Saved data entries:
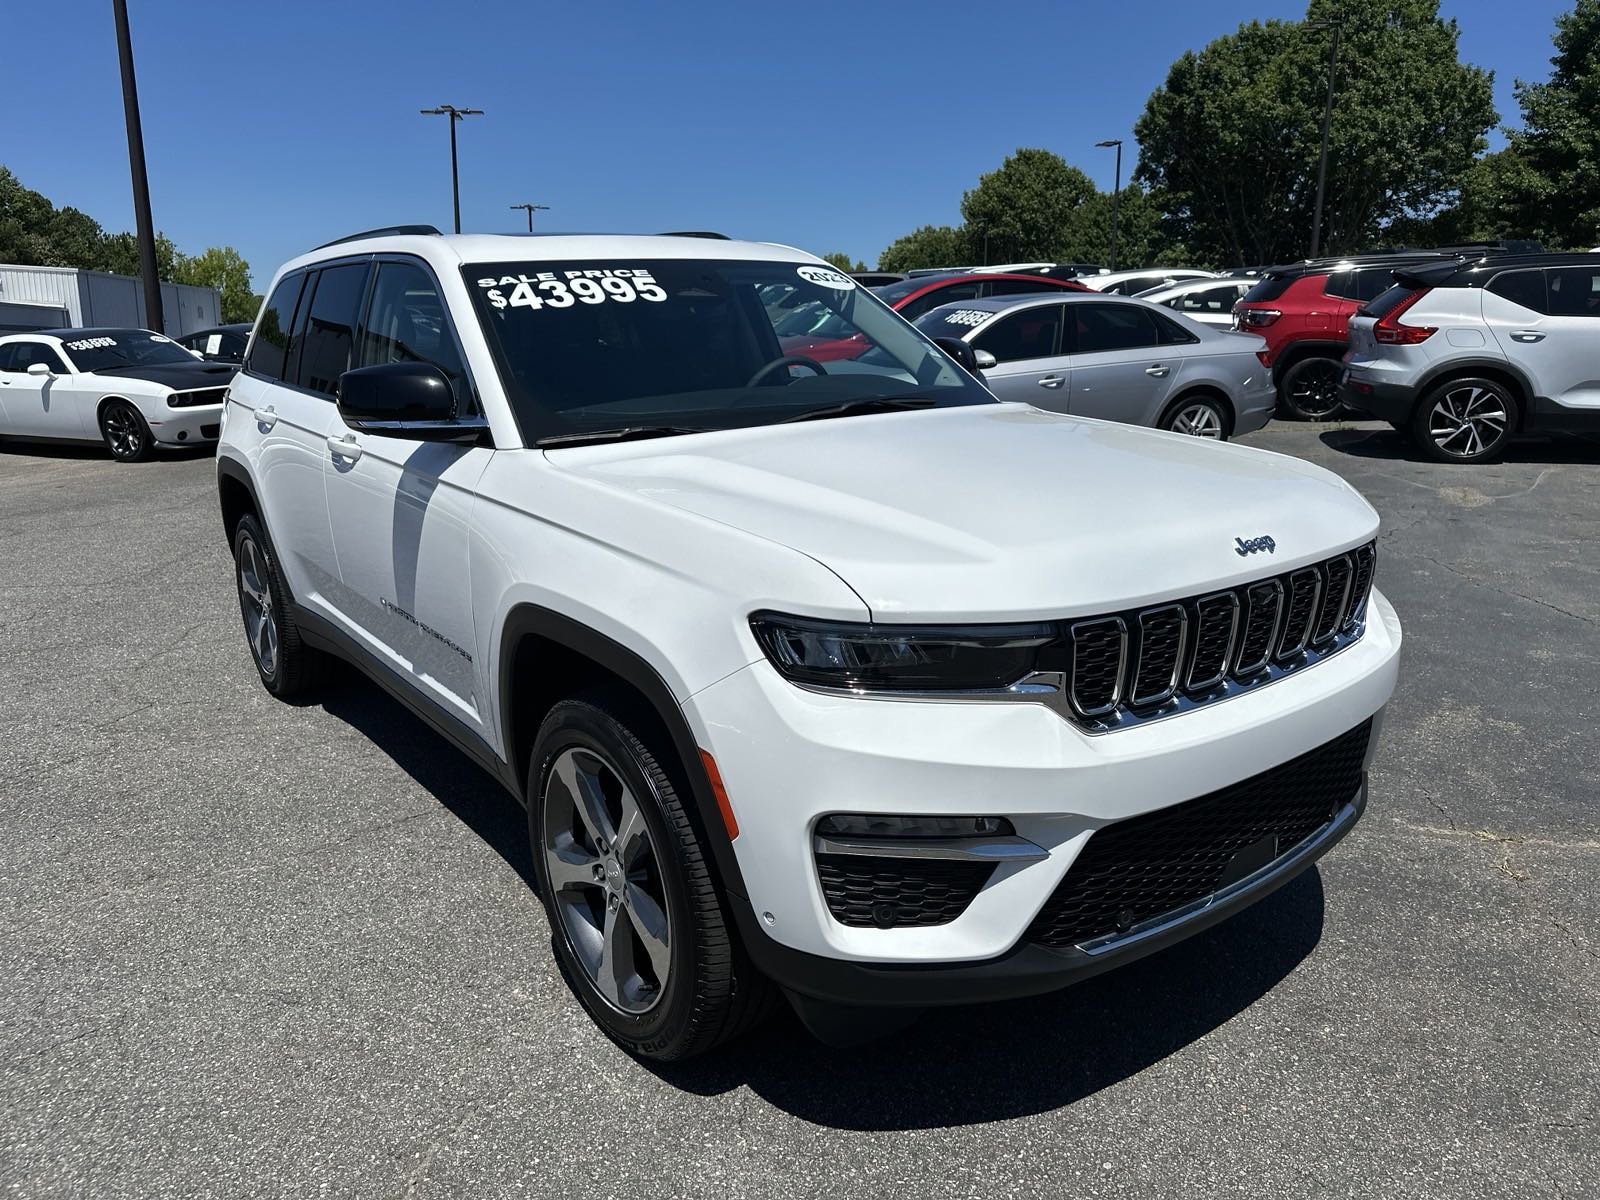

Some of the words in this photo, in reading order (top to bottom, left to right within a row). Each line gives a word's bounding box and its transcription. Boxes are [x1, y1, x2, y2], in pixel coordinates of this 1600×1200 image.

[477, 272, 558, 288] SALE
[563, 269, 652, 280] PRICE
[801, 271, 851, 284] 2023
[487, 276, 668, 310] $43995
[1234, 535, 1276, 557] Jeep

TASK ITEM: Would you return the records exactly as written, minus any image?

SOLUTION:
Some of the words in this photo, in reading order (top to bottom, left to right within a row). Each line gives a word's bounding box and its transcription. Boxes are [x1, y1, x2, y2], in pixel coordinates of this 1600×1200 image.

[477, 272, 558, 288] SALE
[563, 269, 652, 280] PRICE
[801, 271, 851, 284] 2023
[487, 276, 668, 310] $43995
[1234, 535, 1276, 557] Jeep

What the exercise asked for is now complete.